Stored data entries
┌──
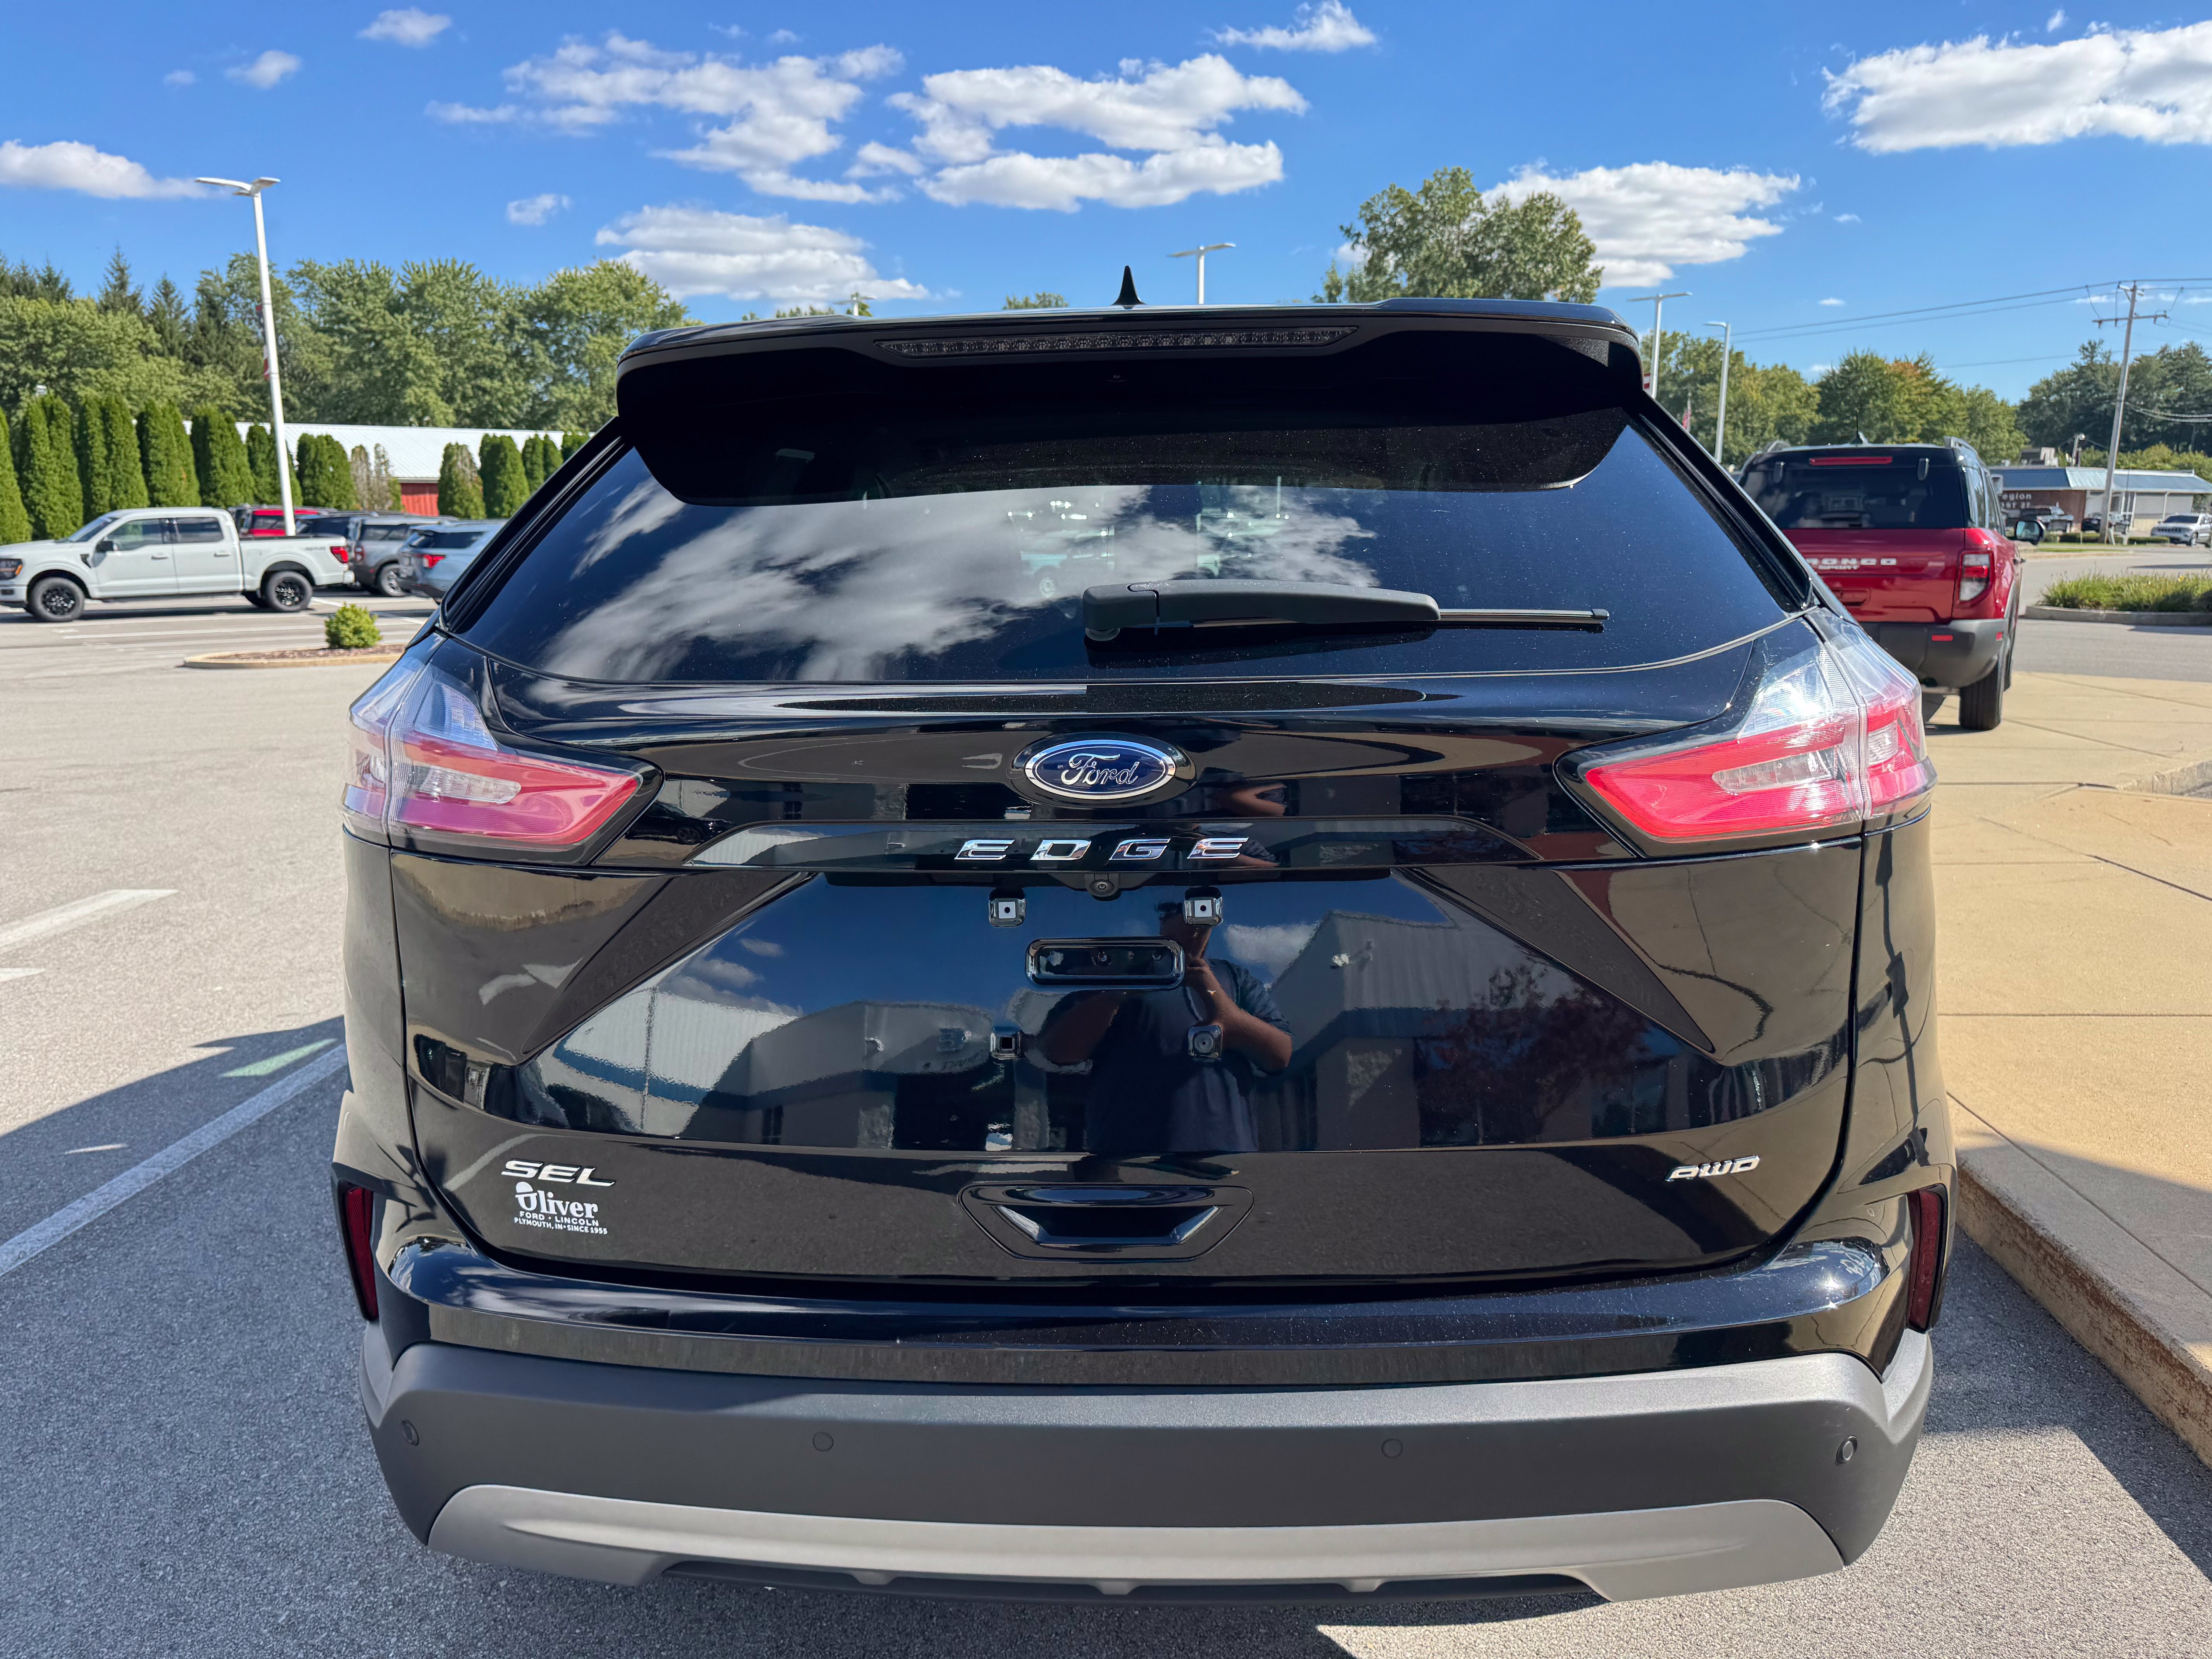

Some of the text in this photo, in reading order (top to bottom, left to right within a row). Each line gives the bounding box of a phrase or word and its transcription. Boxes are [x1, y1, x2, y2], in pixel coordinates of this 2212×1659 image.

[2002, 492, 2032, 501] egion
[1806, 558, 1897, 566] RONCO
[1060, 752, 1140, 786] Ford
[953, 836, 1250, 861] EDGE
[501, 1158, 617, 1187] SEL
[1663, 1154, 1761, 1182] AWD
[515, 1181, 599, 1219] Oliver
[514, 1217, 554, 1230] PLYMOUTH,
[590, 1226, 608, 1235] 1955
[519, 1211, 599, 1227] FORD LINCOLN
└──
Your copy of the data above should match it exactly, apart from the images.

■ Your solution
Some of the text in this photo, in reading order (top to bottom, left to right within a row). Each line gives the bounding box of a phrase or word and its transcription. Boxes are [x1, y1, x2, y2], in pixel coordinates of this 2212×1659 image.

[2002, 492, 2032, 501] egion
[1806, 558, 1897, 566] RONCO
[1060, 752, 1140, 786] Ford
[953, 836, 1250, 861] EDGE
[501, 1158, 617, 1187] SEL
[1663, 1154, 1761, 1182] AWD
[515, 1181, 599, 1219] Oliver
[514, 1217, 554, 1230] PLYMOUTH,
[590, 1226, 608, 1235] 1955
[519, 1211, 599, 1227] FORD LINCOLN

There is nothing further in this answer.